## Instructions for the task
Output every entry exactly as written, skipping any pictures.

## Data listing

━━━━━━━━

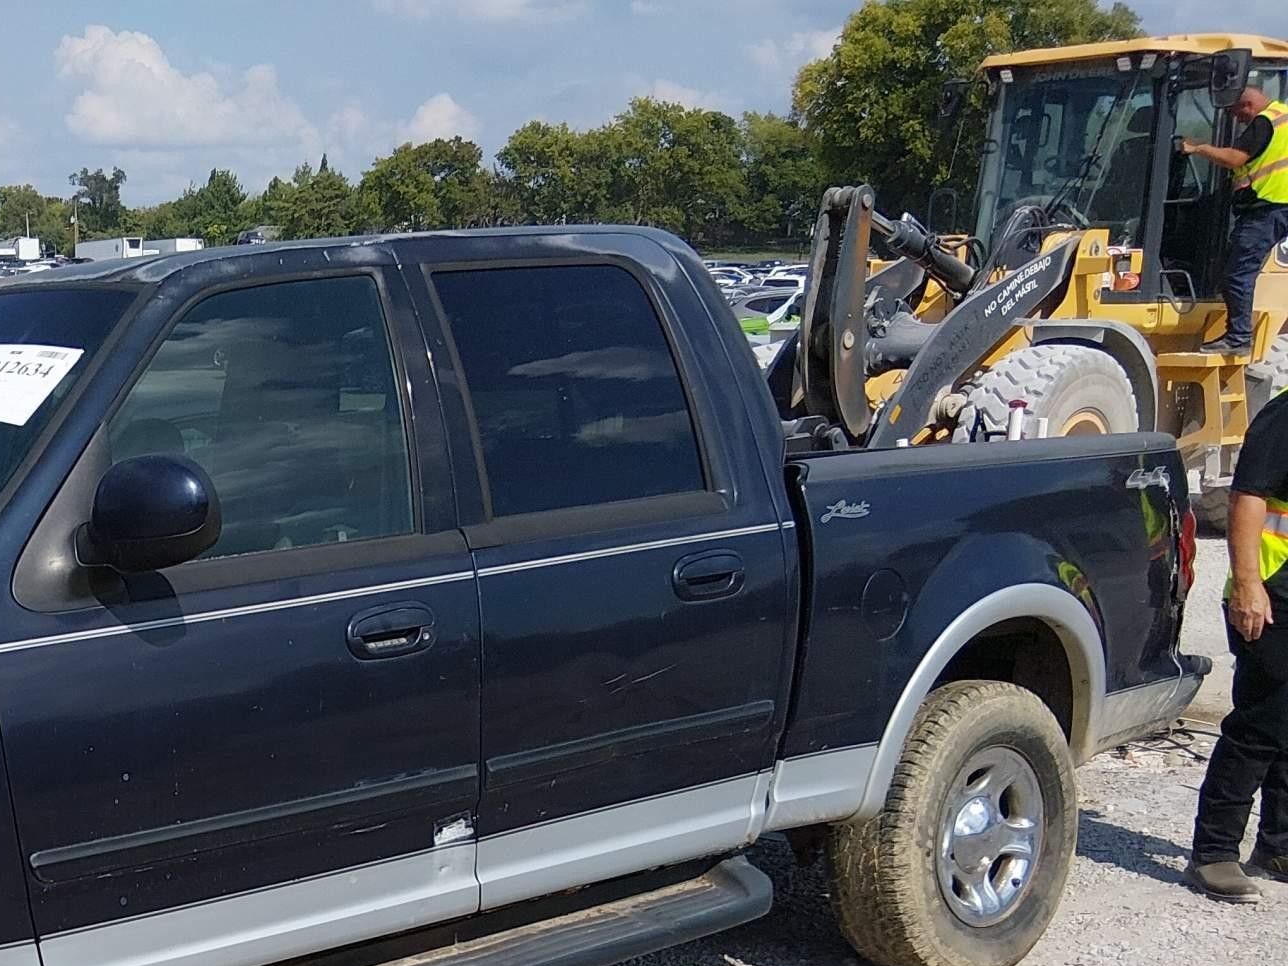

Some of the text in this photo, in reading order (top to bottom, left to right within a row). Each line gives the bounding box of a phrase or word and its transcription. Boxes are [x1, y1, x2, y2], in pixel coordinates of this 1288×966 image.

[984, 256, 1051, 317] NO CAMINE DEBAJO
[1001, 298, 1016, 316] DEL
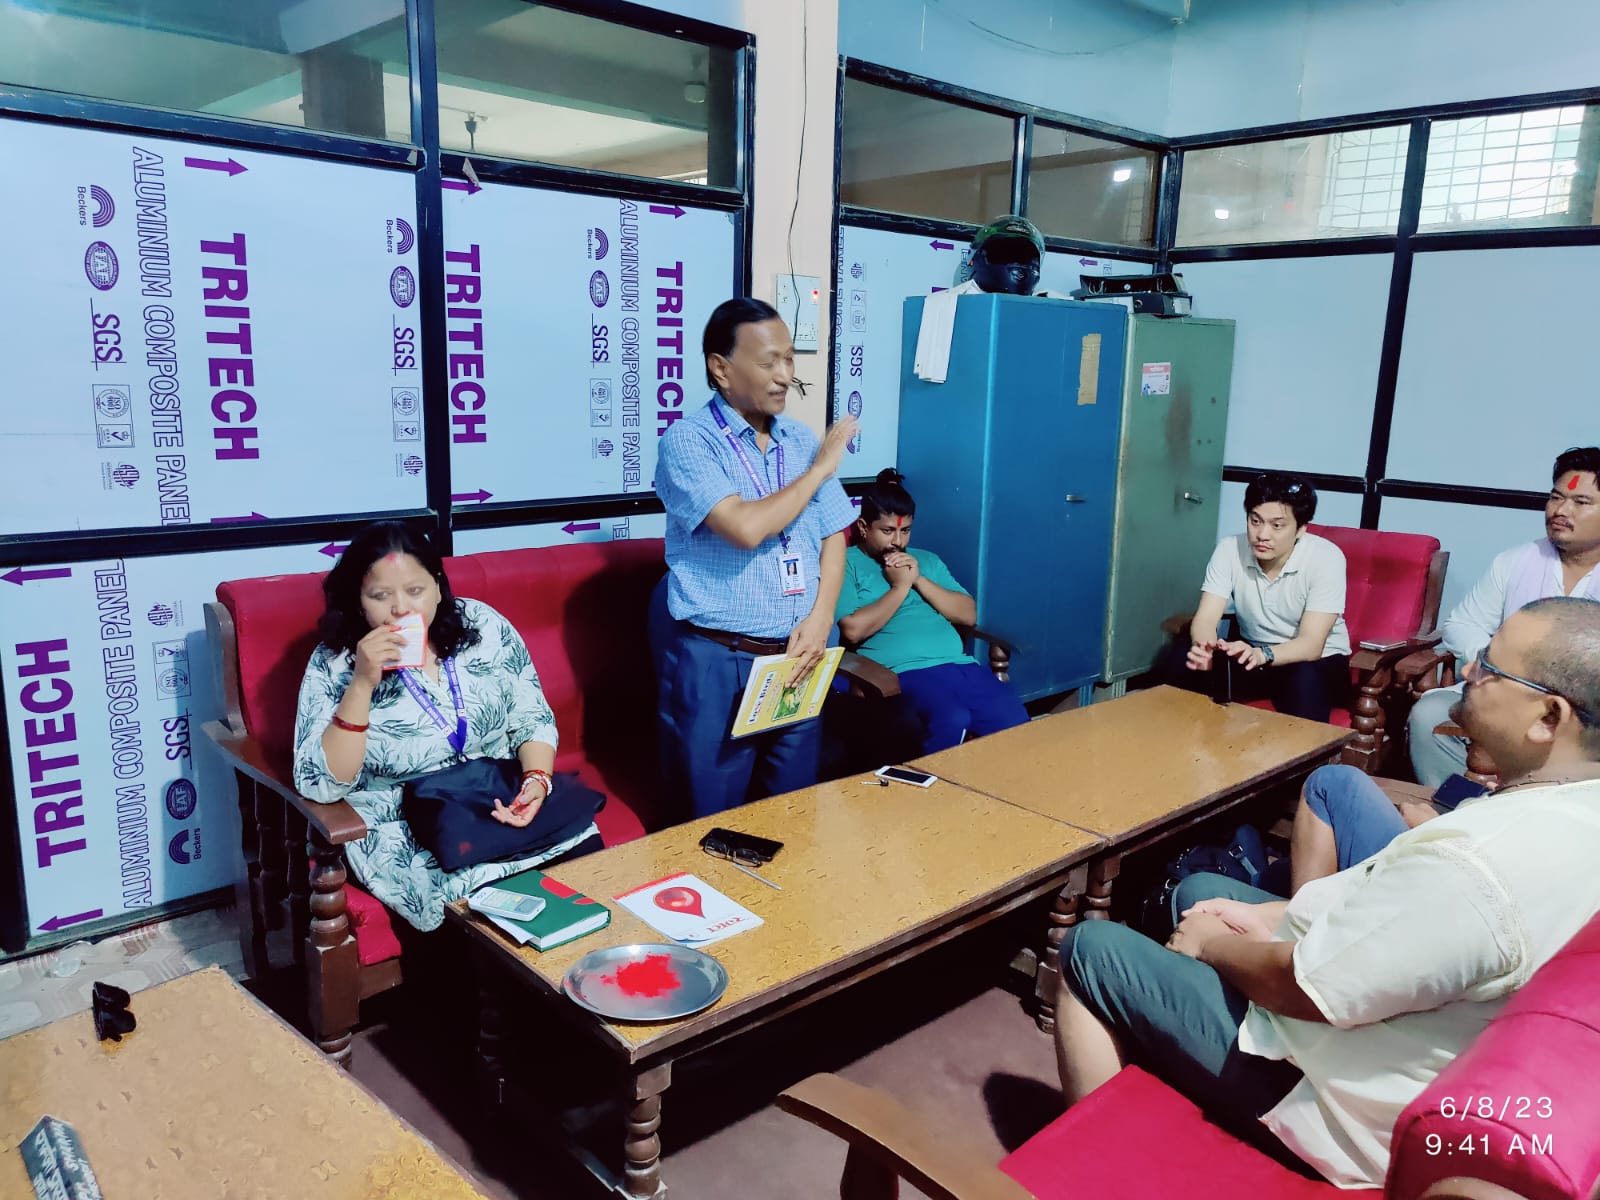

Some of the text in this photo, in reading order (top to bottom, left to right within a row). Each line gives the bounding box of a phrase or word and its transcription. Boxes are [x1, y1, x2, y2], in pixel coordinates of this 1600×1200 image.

[77, 186, 87, 226] Beckers
[386, 219, 394, 254] Beckers
[92, 313, 123, 362] SGS
[132, 146, 191, 526] ALUMINIUM COMPOSITE PANEL
[200, 232, 260, 461] TRITECH
[394, 327, 415, 368] SGS
[445, 243, 487, 444] TRITECH
[592, 325, 609, 362] SGS
[620, 199, 641, 493] ALUMINIUM COMPOSITE PANEL
[656, 260, 684, 437] TRITECH
[850, 346, 863, 377] SGS
[15, 638, 87, 868] TRITECH
[94, 558, 152, 909] ALUMINIUM COMPOSITE PANEL
[163, 716, 190, 761] SGS
[193, 827, 202, 860] Beckers
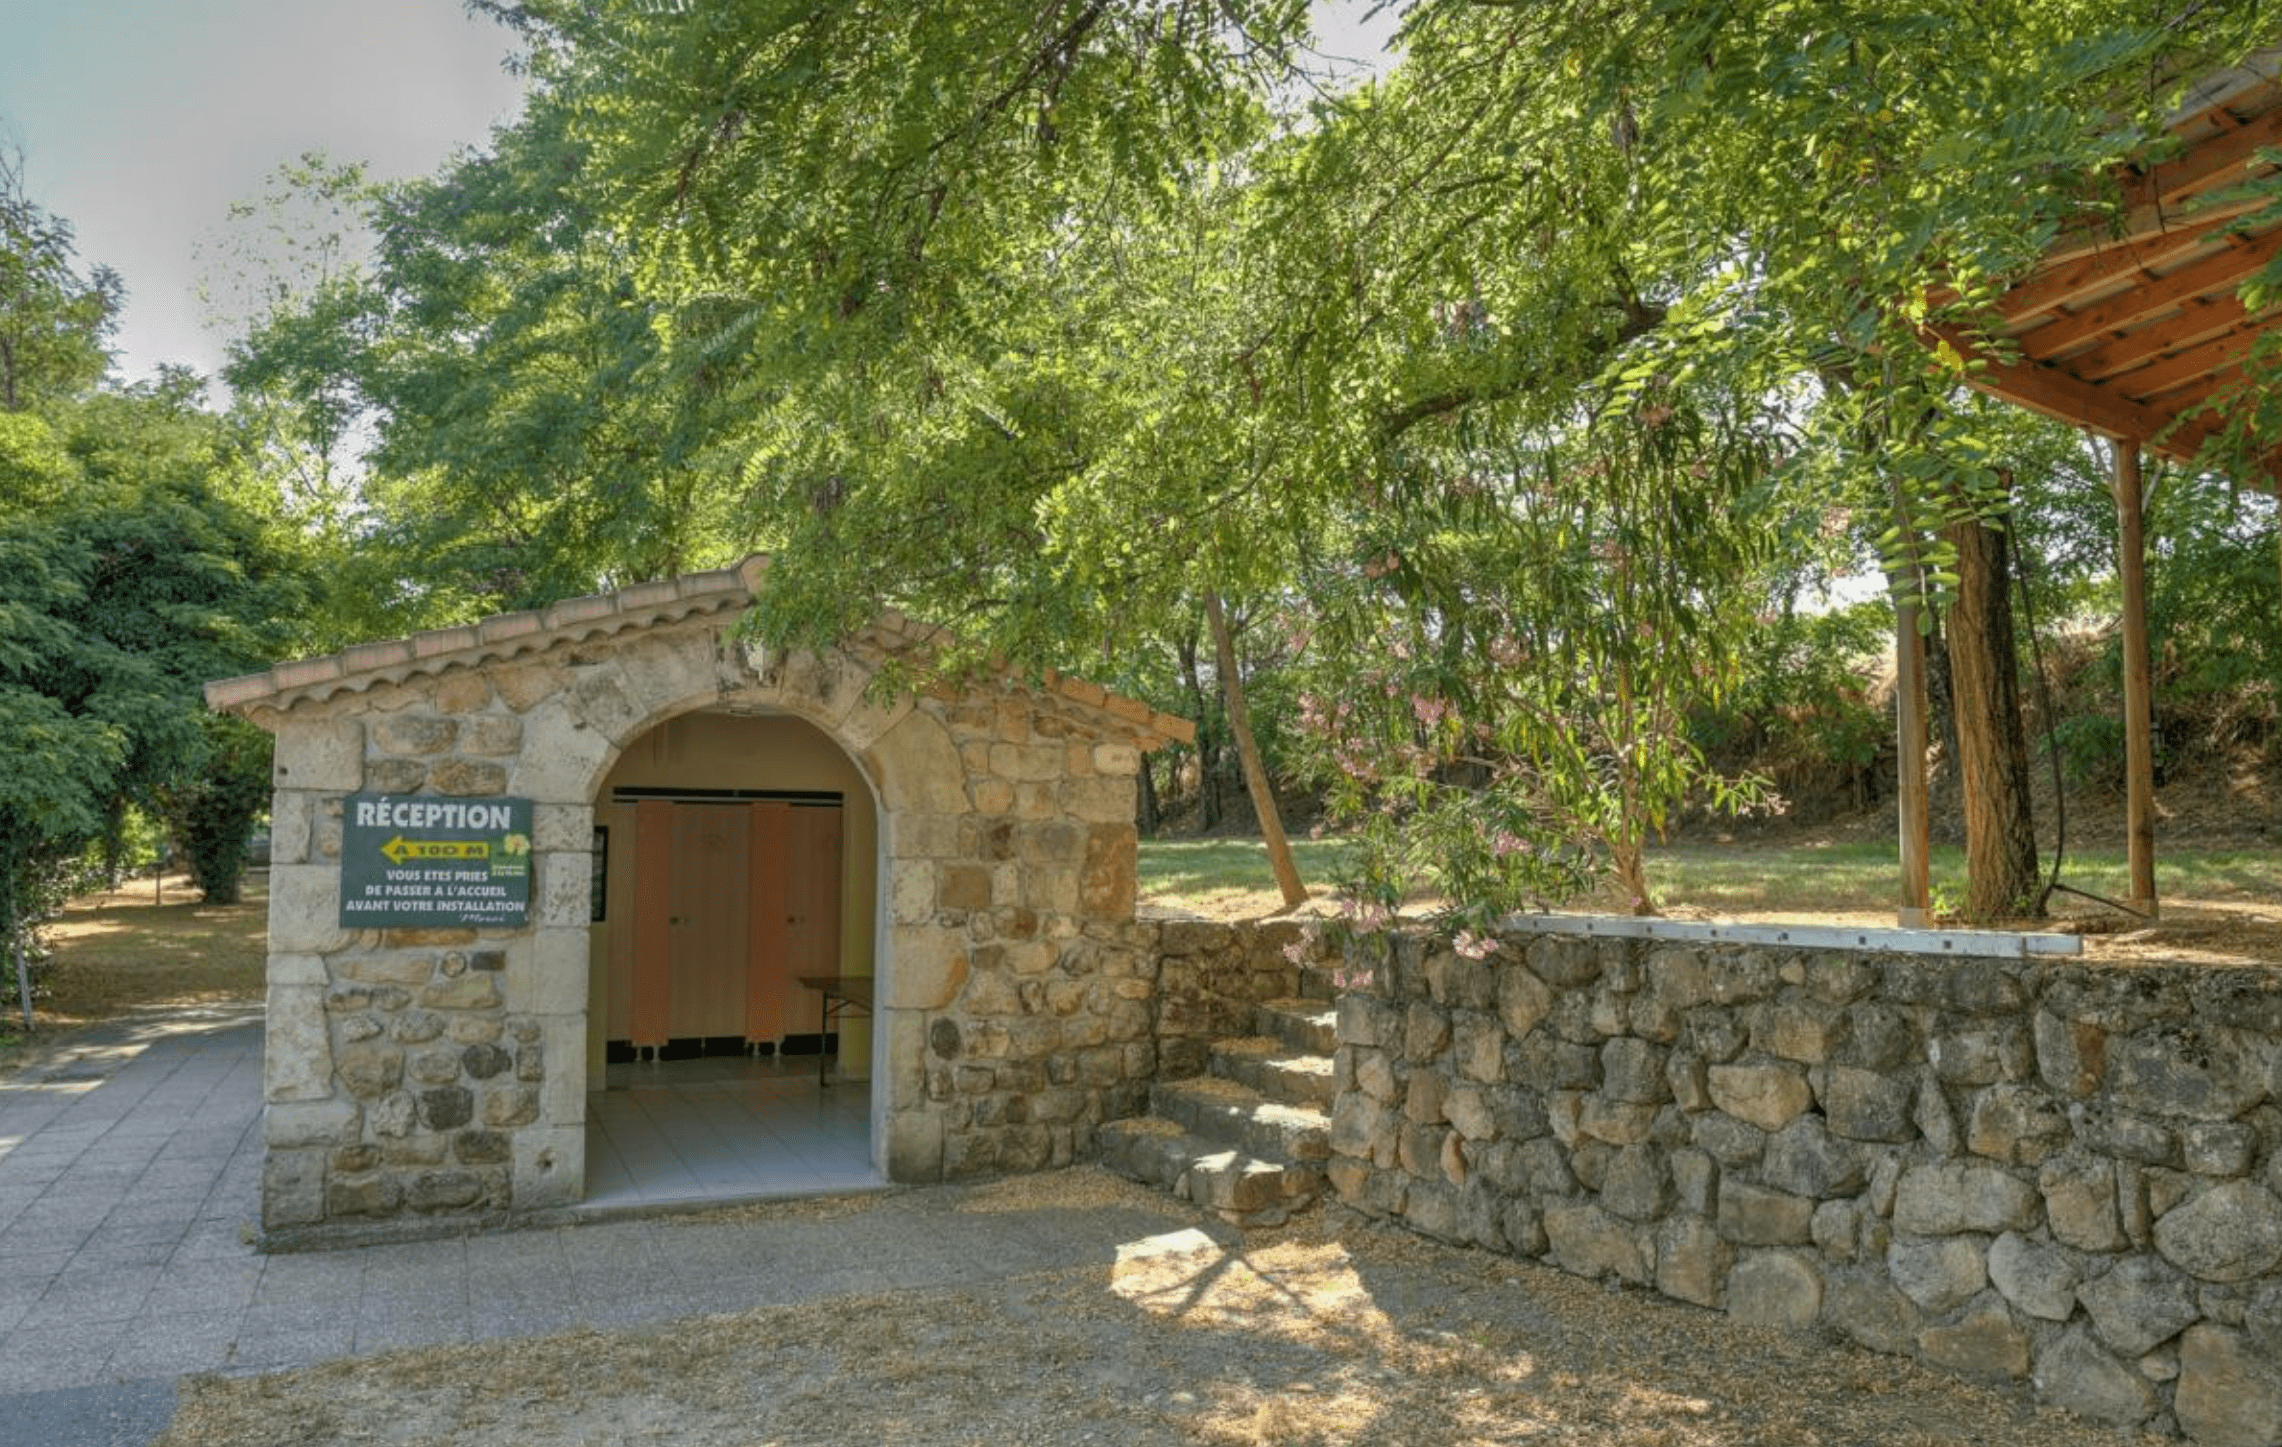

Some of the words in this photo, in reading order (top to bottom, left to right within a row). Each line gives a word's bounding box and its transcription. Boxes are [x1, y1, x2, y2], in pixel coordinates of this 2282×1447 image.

[356, 796, 511, 830] RÉCEPTION
[418, 844, 458, 855] 100
[463, 844, 486, 855] M
[387, 870, 420, 881] VOUS
[424, 871, 451, 881] ETES
[455, 871, 488, 882] PRIES
[366, 885, 382, 896] DE
[386, 885, 431, 896] PASSER
[434, 886, 444, 896] A
[447, 886, 507, 897] L'ACCUEIL
[346, 901, 390, 911] AVANT
[394, 901, 433, 911] VOTRE
[437, 901, 525, 912] INSTALLATION
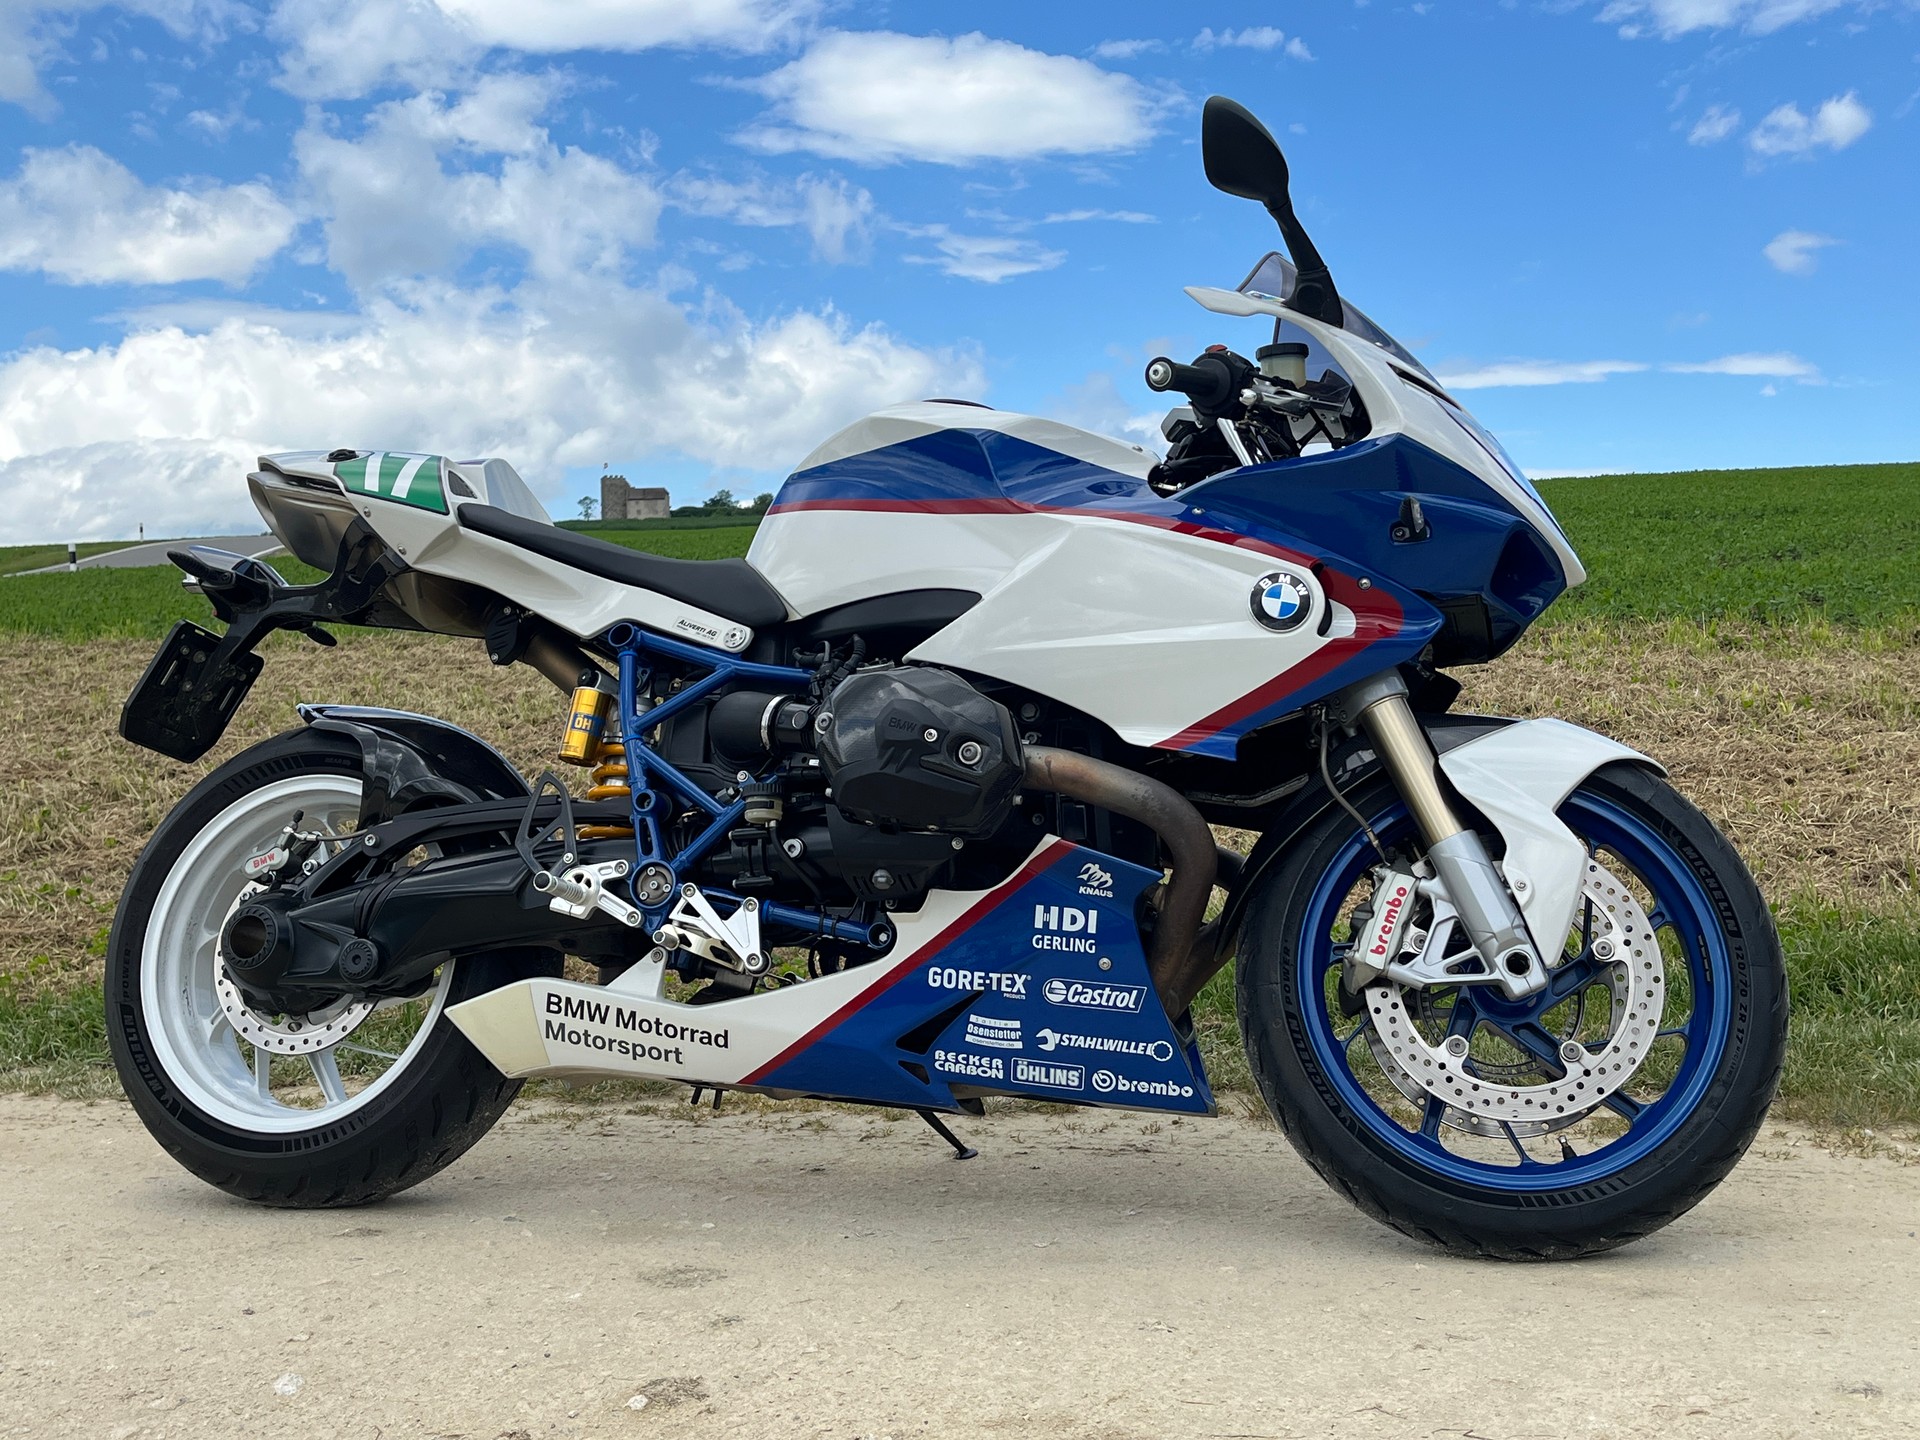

━━━━━━━━

## Response to the task
Some of the text in this photo, in reading order (top to bottom, left to right within a row). Each line gives the bounding box of a phrase or word and its transcription. Boxes are [x1, y1, x2, y2], in pixel coordinates of this 1288×966 image.

[984, 256, 1051, 317] NO CAMINE DEBAJO
[1001, 298, 1016, 316] DEL

Some of the text in this photo, in reading order (top to bottom, left to right within a row). Each line gives the bounding box of a phrase or word and its transcription. Boxes are [x1, y1, x2, y2], in pixel coordinates of this 1600×1200 image.

[77, 186, 87, 226] Beckers
[386, 219, 394, 254] Beckers
[92, 313, 123, 362] SGS
[132, 146, 191, 526] ALUMINIUM COMPOSITE PANEL
[200, 232, 260, 461] TRITECH
[394, 327, 415, 368] SGS
[445, 243, 487, 444] TRITECH
[592, 325, 609, 362] SGS
[620, 199, 641, 493] ALUMINIUM COMPOSITE PANEL
[656, 260, 684, 437] TRITECH
[850, 346, 863, 377] SGS
[15, 638, 87, 868] TRITECH
[94, 558, 152, 909] ALUMINIUM COMPOSITE PANEL
[163, 716, 190, 761] SGS
[193, 827, 202, 860] Beckers

Some of the words in this photo, in reading order (top to bottom, left to right within a row). Each line gives a word's bounding box and its transcription. Boxes are [x1, y1, x2, y2], in pixel coordinates of this 2282×1447 image.

[356, 796, 511, 830] RÉCEPTION
[418, 844, 458, 855] 100
[463, 844, 486, 855] M
[387, 870, 420, 881] VOUS
[424, 871, 451, 881] ETES
[455, 871, 488, 882] PRIES
[366, 885, 382, 896] DE
[386, 885, 431, 896] PASSER
[434, 886, 444, 896] A
[447, 886, 507, 897] L'ACCUEIL
[346, 901, 390, 911] AVANT
[394, 901, 433, 911] VOTRE
[437, 901, 525, 912] INSTALLATION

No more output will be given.